A lot of ink, both real and virtual, has been spilled around this and a few adjacent questions, and often the vegetarian argument hinges on the conditions found on farms. People--invariably people who have not spent much time on commercial farms--announce that these conditions are bad: They fret over mud or crowding or cage construction, and because I work in an agency that serves the farm community, I know some of those concerns are not just legitimate but urgent. Self-interest alone should galvanize us to focus on animal health--when we don't, we risk salmonella, e.coli, giardia, and mad cow disease.

But a lot of these concerns are sentimental and projective. Cattle, for example, are herd and prey animals, and if you watch them carefully you see that they don't react badly when they get squished together, especially when they're uneasy--the lion is less likely to eat a given individual when there's a large and potentially dangerous group as opposed to a vulnerable individual. This reaction probably has adaptive elements in common with schooling behavior in fish.

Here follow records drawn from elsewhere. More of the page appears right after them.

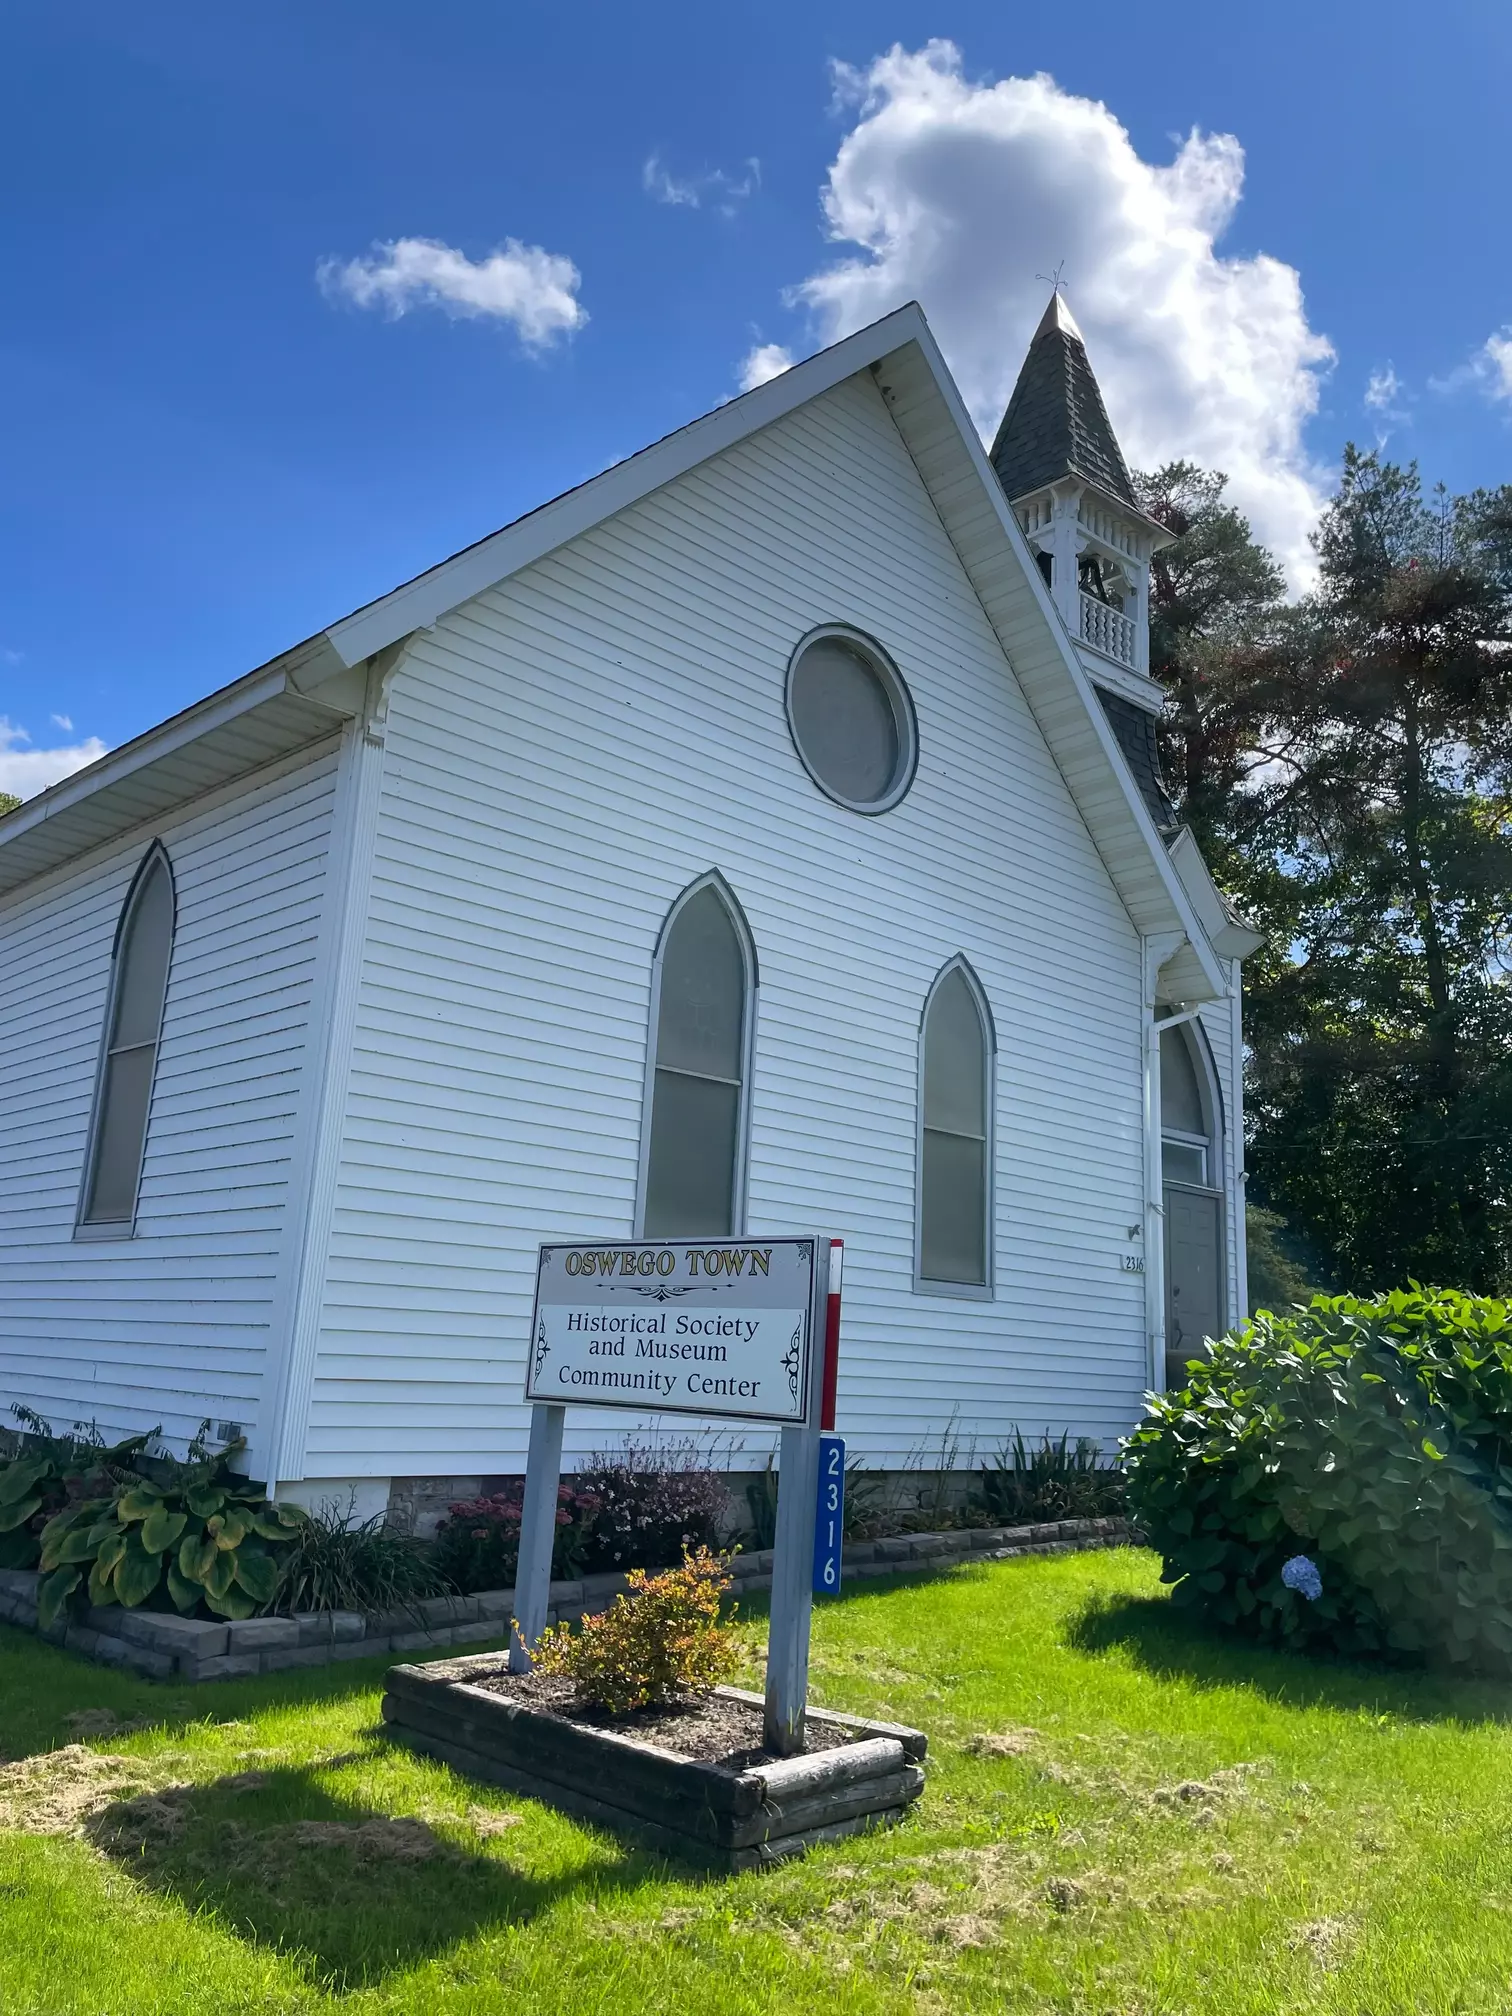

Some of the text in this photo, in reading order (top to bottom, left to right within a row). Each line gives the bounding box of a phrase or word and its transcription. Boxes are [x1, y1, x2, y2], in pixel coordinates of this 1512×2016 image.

[565, 1248, 772, 1277] OSWEGO TOWN
[1126, 1256, 1144, 1272] 2316
[567, 1312, 760, 1343] Historical Society
[588, 1336, 727, 1362] and Museum
[558, 1365, 761, 1398] Community Center
[823, 1447, 840, 1585] 2316

But because humans don't like being squished, most humans assume that squishing is unpleasant--the underlying assertion is that all creatures have the same standards of comfort and discomfort that we do. (I can't resist adding that one common result of raising "cage free" eggs is that removing the cages makes room for more chickens per square inch. Since I don't know a whole lot about chickens, it's hard to be confident about the chickens' position on this purported improvement in their living conditions.)

We make the same category error when managing non-farm animals, sometimes with very bad results. Is it cruelty to feed a dog human food? Since dogs have digestive systems very different from ours, I think it is--some dog owners poison their much-loved companion animals because they think chocolate is a key food group and the dog is missing out if it's not on the menu. And to make matters worse, most dogs like sweets for the same reasons we do--they offer access to compressed calories.

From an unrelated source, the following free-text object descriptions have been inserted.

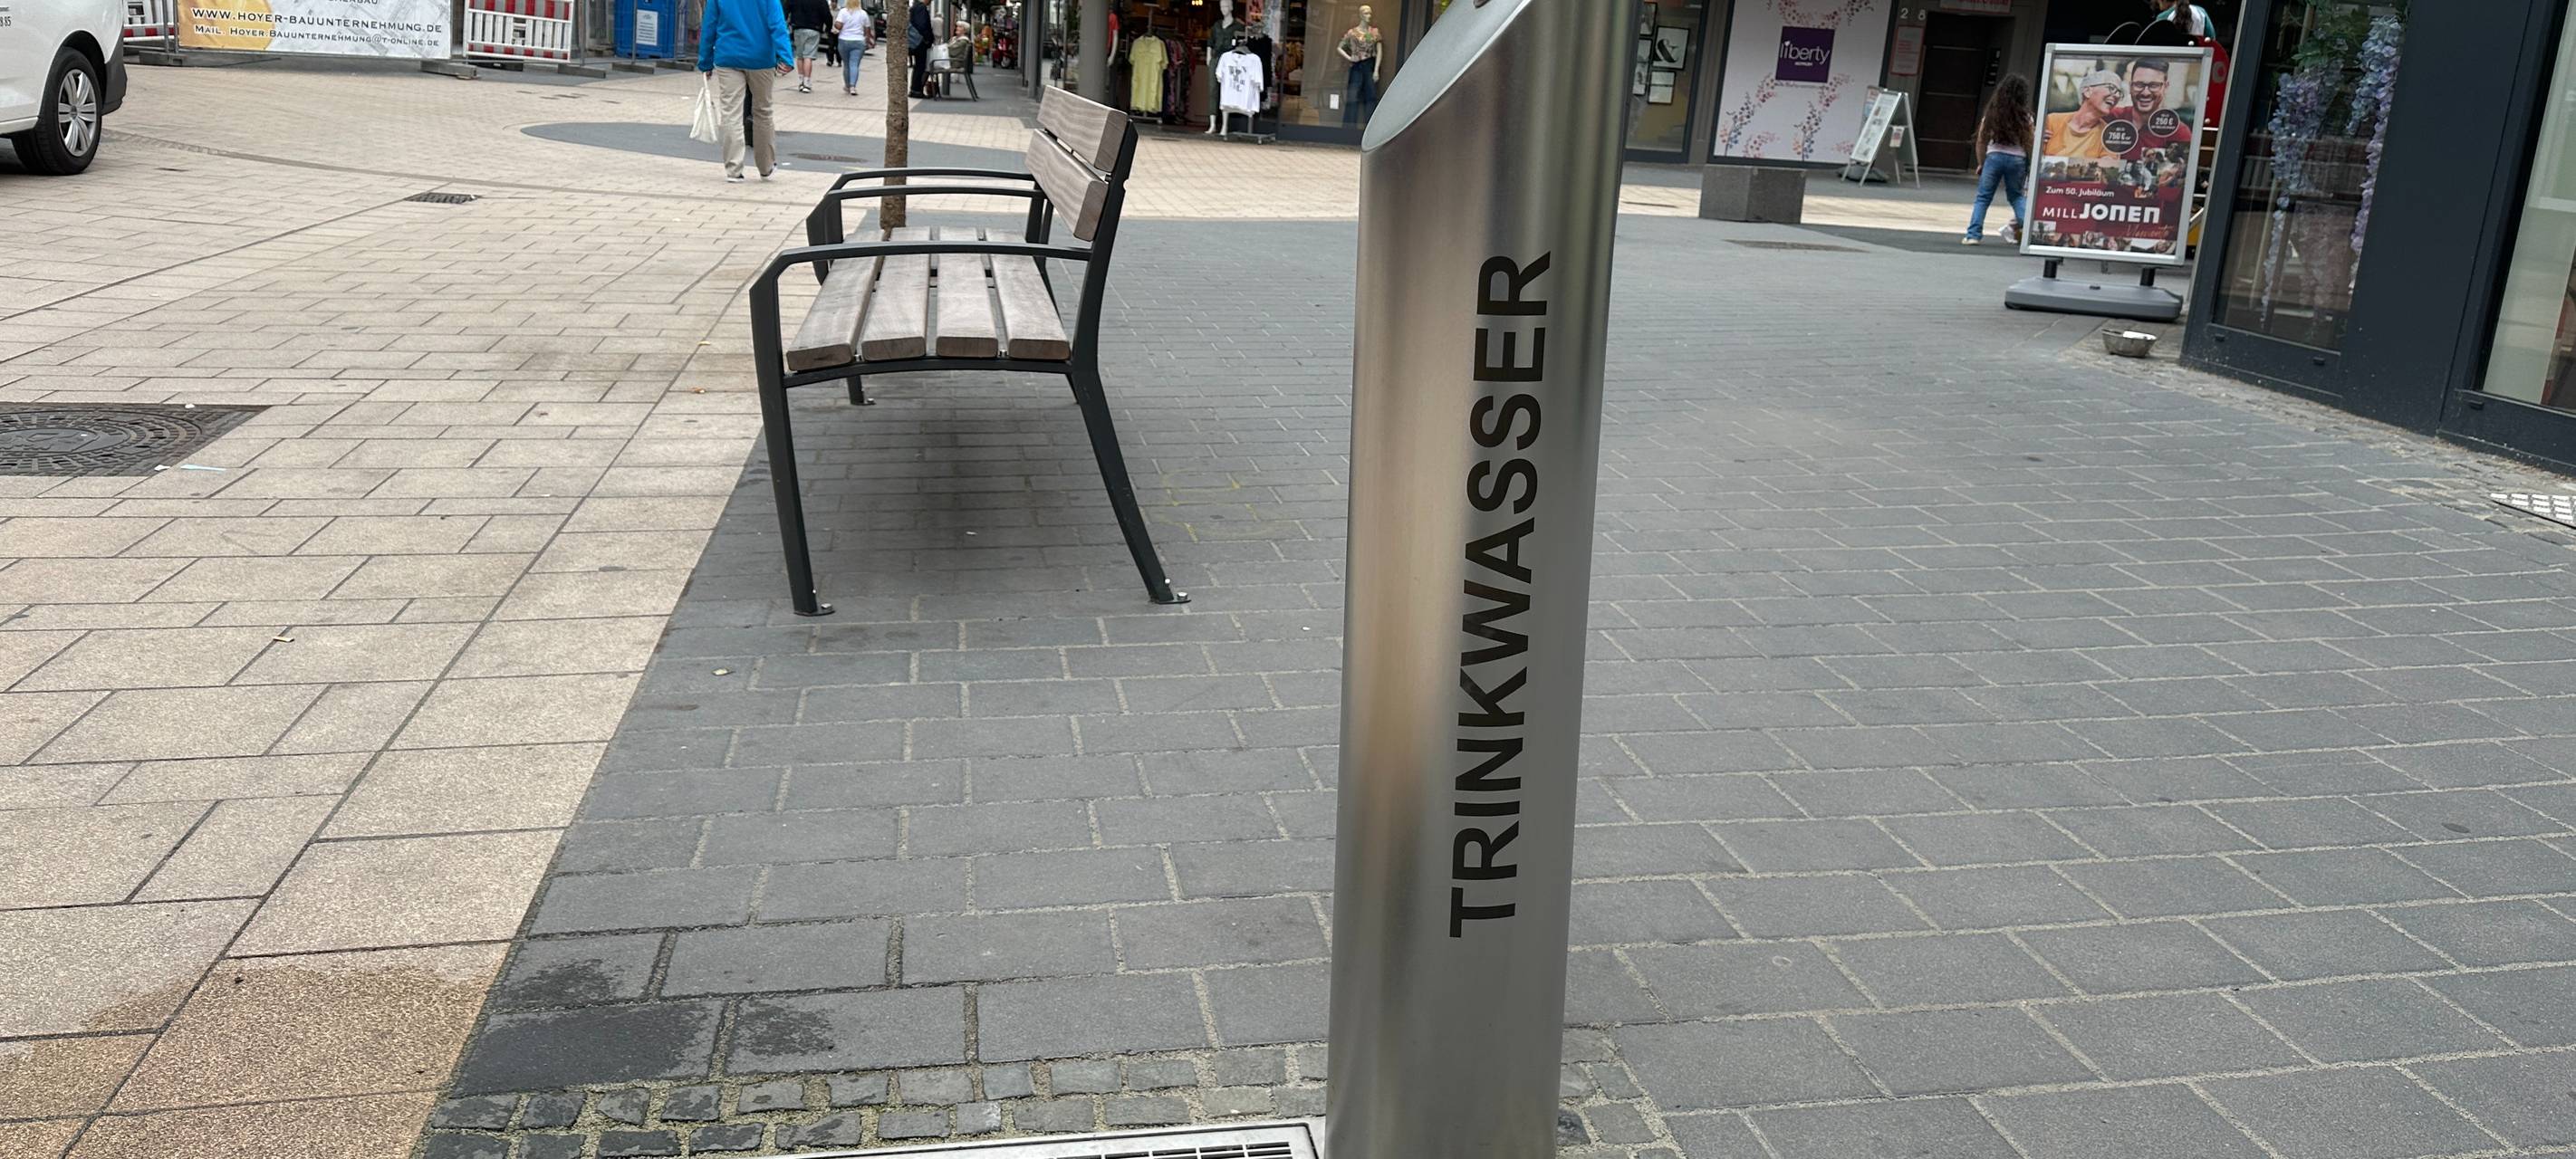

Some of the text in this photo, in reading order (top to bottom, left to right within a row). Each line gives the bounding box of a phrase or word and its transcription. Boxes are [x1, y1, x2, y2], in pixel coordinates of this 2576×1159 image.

[192, 8, 442, 33] WWW.HOYER-BAUUNTERNEHMUNG.DE
[1780, 41, 1831, 65] liberty
[2045, 186, 2064, 195] Zum
[2078, 188, 2114, 197] Jubiläum
[1449, 250, 1552, 939] TRINKWASSER

But choloate also contains theobromine, which is a neurotoxin in canines, and even a small amount can trigger heart arrhythmia and seizures. The even wider human habit of feeding table scraps to dogs not only encourages begging, but inserts in the dog the processed, sweet, salty, and nutritionally ambiguous foods we humans often eat. Yet this is never labeled for what it is--animal cruelty.

The Heifer Project is one of my favorite charities--it opens doors of self-sufficiency and boosts the human enterprise by giving third-world farmers access to improved strains of domestic livestock, selectively bred--in humans we call this eugenics--to produce a more edible product and more technophilic offspring. And is that cruelty? No, it's not.

Saturday, May 8, 2010

PETA piper


Here's a picture of PETA people outside the Westminster Dog Show back in February, all dressed up to make a really good impression.

The message, as I half-understand it, is that dogs shows are bad, but the symbolism here seems ambiguous at best. I wasn't there to pick up one of the flyers--I lived in New York long enough to know I won't be going back--so it's not at all clear who the Klan outfit is directed at.

It's apparently not all that clear to PETA, either--according to their own news release, the Halloween outfits are meant to convey the idea that the AKC sounds the "death knell for many beautiful, healthy, and loving dogs whose lives end at animal shelters. Shelters do their best to help the millions of animals dumped on their doorsteps every year, but life in a cage is no life for a dog, and euthanasia becomes a sad necessity."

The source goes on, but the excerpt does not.